# TO DO:
Nothing but the records beneath, reproduced exactly, should appear in the answer.

# PROVIDED DATA:
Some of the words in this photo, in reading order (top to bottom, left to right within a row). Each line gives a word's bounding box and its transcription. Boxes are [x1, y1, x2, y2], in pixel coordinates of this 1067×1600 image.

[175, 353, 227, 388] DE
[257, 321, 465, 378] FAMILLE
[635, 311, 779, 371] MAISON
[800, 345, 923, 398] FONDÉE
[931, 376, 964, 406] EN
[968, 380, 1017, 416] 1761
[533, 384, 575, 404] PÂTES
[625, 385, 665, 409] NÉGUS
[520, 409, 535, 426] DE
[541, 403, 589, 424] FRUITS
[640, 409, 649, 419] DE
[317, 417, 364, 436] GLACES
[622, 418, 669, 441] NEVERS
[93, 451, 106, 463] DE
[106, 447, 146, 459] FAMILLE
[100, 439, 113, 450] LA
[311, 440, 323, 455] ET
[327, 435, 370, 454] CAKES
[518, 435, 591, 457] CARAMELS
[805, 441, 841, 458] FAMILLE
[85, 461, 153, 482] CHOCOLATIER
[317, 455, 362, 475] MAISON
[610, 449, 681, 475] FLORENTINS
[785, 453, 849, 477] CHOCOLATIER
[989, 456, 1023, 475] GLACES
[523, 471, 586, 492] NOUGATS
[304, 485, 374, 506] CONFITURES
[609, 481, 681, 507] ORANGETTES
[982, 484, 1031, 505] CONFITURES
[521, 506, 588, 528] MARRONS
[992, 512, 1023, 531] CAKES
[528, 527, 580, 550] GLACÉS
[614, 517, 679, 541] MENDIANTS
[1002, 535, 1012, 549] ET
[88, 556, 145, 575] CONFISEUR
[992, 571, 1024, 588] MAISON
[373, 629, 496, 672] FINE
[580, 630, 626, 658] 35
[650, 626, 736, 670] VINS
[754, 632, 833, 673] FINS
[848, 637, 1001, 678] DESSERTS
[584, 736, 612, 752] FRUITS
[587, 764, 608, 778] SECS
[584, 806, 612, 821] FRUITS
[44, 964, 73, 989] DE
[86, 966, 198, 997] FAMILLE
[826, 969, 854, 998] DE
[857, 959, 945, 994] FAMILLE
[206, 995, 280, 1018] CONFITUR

# SOLUTION FOR THIS EXERCISE:
Some of the words in this photo, in reading order (top to bottom, left to right within a row). Each line gives a word's bounding box and its transcription. Boxes are [x1, y1, x2, y2], in pixel coordinates of this 1067×1600 image.

[175, 353, 227, 388] DE
[257, 321, 465, 378] FAMILLE
[635, 311, 779, 371] MAISON
[800, 345, 923, 398] FONDÉE
[931, 376, 964, 406] EN
[968, 380, 1017, 416] 1761
[533, 384, 575, 404] PÂTES
[625, 385, 665, 409] NÉGUS
[520, 409, 535, 426] DE
[541, 403, 589, 424] FRUITS
[640, 409, 649, 419] DE
[317, 417, 364, 436] GLACES
[622, 418, 669, 441] NEVERS
[93, 451, 106, 463] DE
[106, 447, 146, 459] FAMILLE
[100, 439, 113, 450] LA
[311, 440, 323, 455] ET
[327, 435, 370, 454] CAKES
[518, 435, 591, 457] CARAMELS
[805, 441, 841, 458] FAMILLE
[85, 461, 153, 482] CHOCOLATIER
[317, 455, 362, 475] MAISON
[610, 449, 681, 475] FLORENTINS
[785, 453, 849, 477] CHOCOLATIER
[989, 456, 1023, 475] GLACES
[523, 471, 586, 492] NOUGATS
[304, 485, 374, 506] CONFITURES
[609, 481, 681, 507] ORANGETTES
[982, 484, 1031, 505] CONFITURES
[521, 506, 588, 528] MARRONS
[992, 512, 1023, 531] CAKES
[528, 527, 580, 550] GLACÉS
[614, 517, 679, 541] MENDIANTS
[1002, 535, 1012, 549] ET
[88, 556, 145, 575] CONFISEUR
[992, 571, 1024, 588] MAISON
[373, 629, 496, 672] FINE
[580, 630, 626, 658] 35
[650, 626, 736, 670] VINS
[754, 632, 833, 673] FINS
[848, 637, 1001, 678] DESSERTS
[584, 736, 612, 752] FRUITS
[587, 764, 608, 778] SECS
[584, 806, 612, 821] FRUITS
[44, 964, 73, 989] DE
[86, 966, 198, 997] FAMILLE
[826, 969, 854, 998] DE
[857, 959, 945, 994] FAMILLE
[206, 995, 280, 1018] CONFITUR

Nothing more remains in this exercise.